About this exercise
Each record must come back unchanged in your answer, stripped of its images.

(Beginning of Data excerpts)

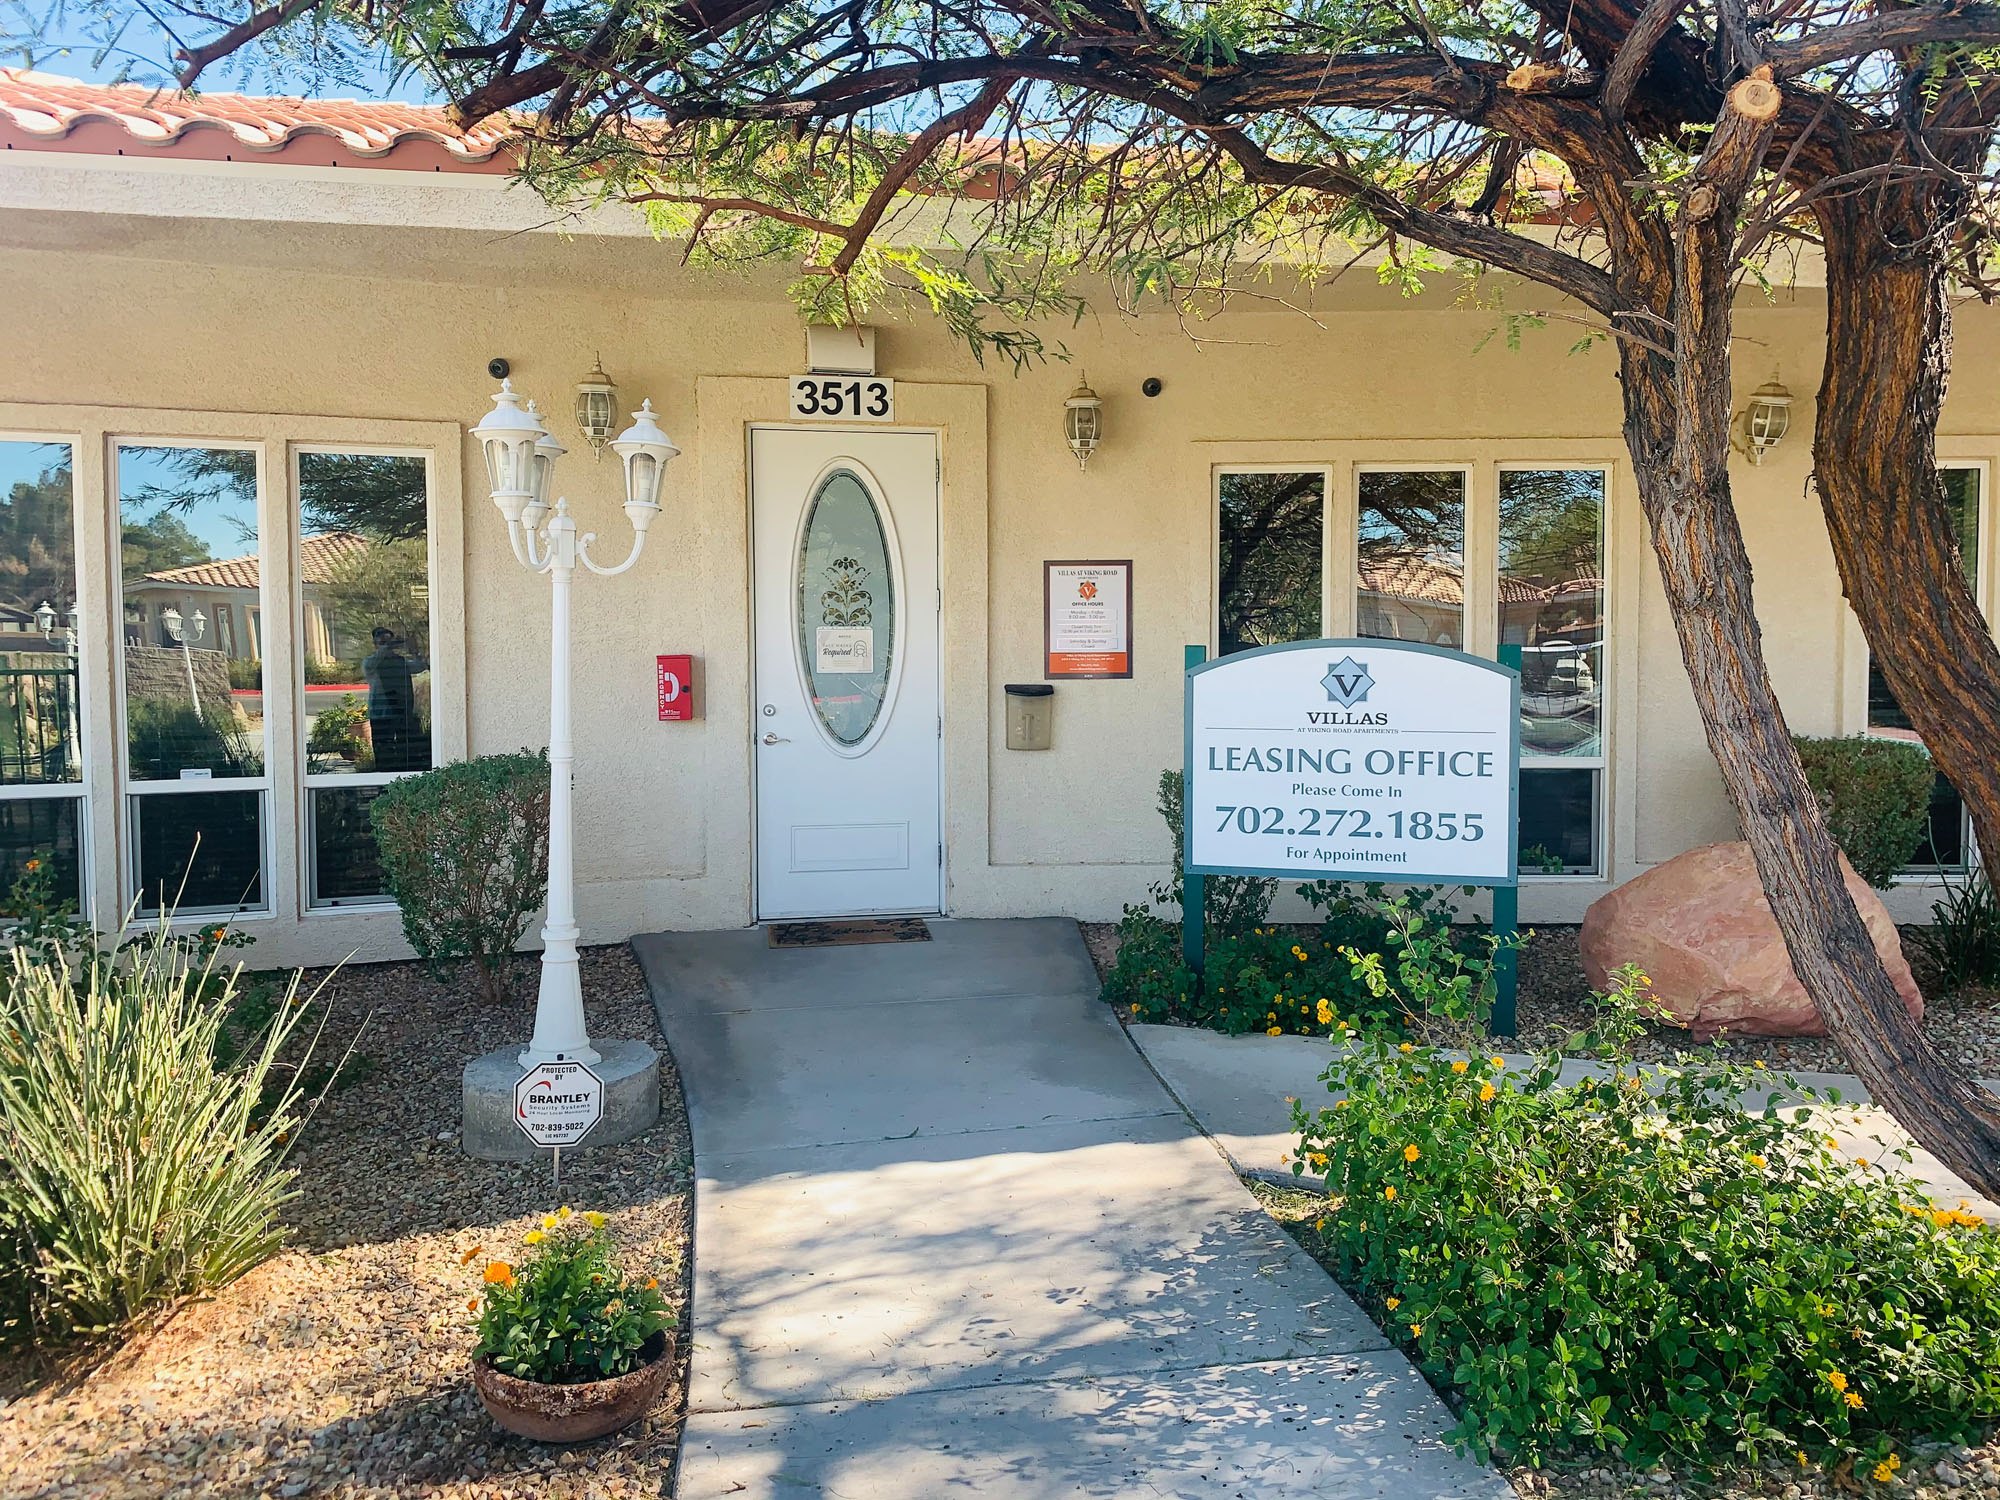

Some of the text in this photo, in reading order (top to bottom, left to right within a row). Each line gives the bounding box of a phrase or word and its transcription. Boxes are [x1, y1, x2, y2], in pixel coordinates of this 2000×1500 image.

[797, 380, 889, 416] 3513
[1084, 586, 1092, 596] V
[823, 648, 852, 658] Required
[1332, 674, 1364, 698] V
[1306, 711, 1388, 726] VILLAS
[1333, 727, 1352, 735] ROAD
[1208, 747, 1493, 777] LEASING OFFICE
[1292, 783, 1402, 798] Please Come In
[1215, 806, 1484, 842] 702.272.1855
[1286, 846, 1407, 864] For Appointment
[530, 1092, 590, 1104] BRANTLEY
[531, 1121, 584, 1131] 702-839-5022

(End of Data excerpts)

Reply to the exercise
Some of the text in this photo, in reading order (top to bottom, left to right within a row). Each line gives the bounding box of a phrase or word and its transcription. Boxes are [x1, y1, x2, y2], in pixel coordinates of this 2000×1500 image.

[797, 380, 889, 416] 3513
[1084, 586, 1092, 596] V
[823, 648, 852, 658] Required
[1332, 674, 1364, 698] V
[1306, 711, 1388, 726] VILLAS
[1333, 727, 1352, 735] ROAD
[1208, 747, 1493, 777] LEASING OFFICE
[1292, 783, 1402, 798] Please Come In
[1215, 806, 1484, 842] 702.272.1855
[1286, 846, 1407, 864] For Appointment
[530, 1092, 590, 1104] BRANTLEY
[531, 1121, 584, 1131] 702-839-5022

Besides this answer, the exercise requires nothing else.